Outro estudo sobre o assunto, da OMS, indica o perfil dos infectados: homens, com média de idade de 37 anos, que dizem ser gays, bissexuais ou que afirmam terem mantido relações sexuais com outros homens.
De acordo com o Programa Conjunto das Nações Unidas sobre HIV/aids, o estigma e a discriminação limitam as respostas às epidemias e fazem com que pessoas com sintomas característicos da doença prefiram a clandestinidade e deixem, assim, de proteger a própria saúde e a de pessoas próximas. "Baseando-se nas difíceis lições e aprendizagens da resposta à epidemia de Aids, ações eficazes de saúde pública devem ser orientadas pelos princípios de solidariedade, igualdade, não discriminação e inclusão", disse a Unaids no Brasil por meio de nota.

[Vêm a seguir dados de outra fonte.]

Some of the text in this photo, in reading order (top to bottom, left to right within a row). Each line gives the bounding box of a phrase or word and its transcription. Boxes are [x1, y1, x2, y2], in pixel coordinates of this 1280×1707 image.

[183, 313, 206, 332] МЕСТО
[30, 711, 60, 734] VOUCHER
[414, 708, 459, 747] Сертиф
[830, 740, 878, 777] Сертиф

Em entrevista ao programa Timeline da Rádio Gaúcha, Salmo Raskin, médico, doutor em genética e especialista em genética molecular, alerta para o fato de que a doença não é "exclusiva" do grupo:
— Aprendemos lições amargas com o HIV e a Aids, quando subgrupos foram estigmatizados e o controle da infecção se tornou mais difícil, porque ninguém queria admitir que era HIV positivo ou estava com Aids. Isso é tudo o que não pode acontecer. Esse subgrupo tem de ser tratado de forma adequada, sem medo e sem discriminá-lo — explica.

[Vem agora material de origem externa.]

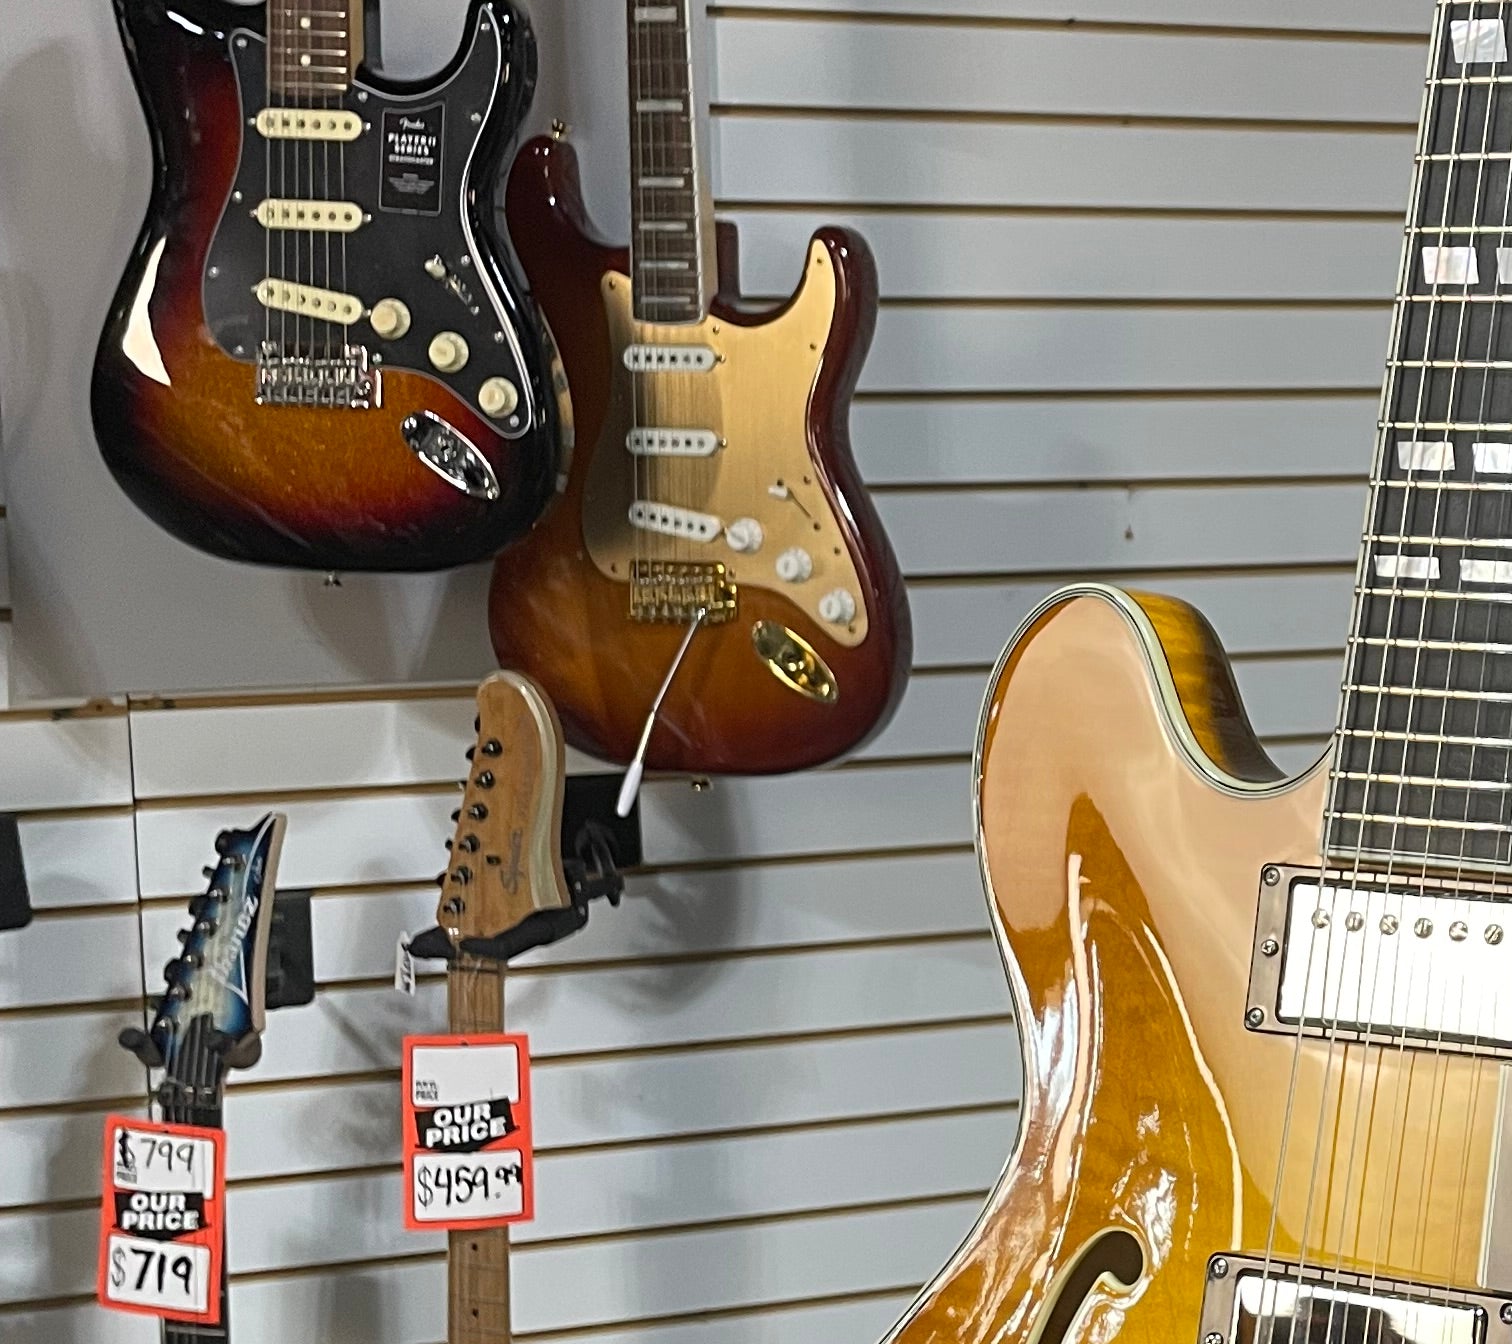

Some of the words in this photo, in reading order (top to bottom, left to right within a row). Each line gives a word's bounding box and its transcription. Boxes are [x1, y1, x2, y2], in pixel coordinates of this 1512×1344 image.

[433, 1102, 491, 1129] OUR
[425, 1116, 507, 1149] PRICE
[130, 1192, 186, 1212] OUR
[121, 1209, 200, 1231] PRICE
[111, 1246, 191, 1295] $719

O que é a varíola dos macacos
A varíola dos macacos é uma zoonose (vírus transmitido aos seres humanos a partir de animais). O período de incubação da doença é de seis a 13 dias, mas pode variar de cinco a 21 dias, segundo a OMS. O contágio pode ocorrer no contato próximo com lesões de um infectado, fluidos corporais, gotículas respiratórias e superfícies contaminadas. Febre, dor de cabeça, dores musculares, dores nas costas, calafrios e exaustão são alguns dos sintomas da varíola dos macacos.
O primeiro caso humano foi identificado no Congo em 1970. Conforme a OMS, hoje a maioria dos animais suscetíveis a este tipo de varíola são roedores, como ratos e cão-da-pradaria. Monkeypox faz referência aos ao fato de a descoberta do vírus ter sido feita em um macaco de laboratório na Dinamarca em 1958.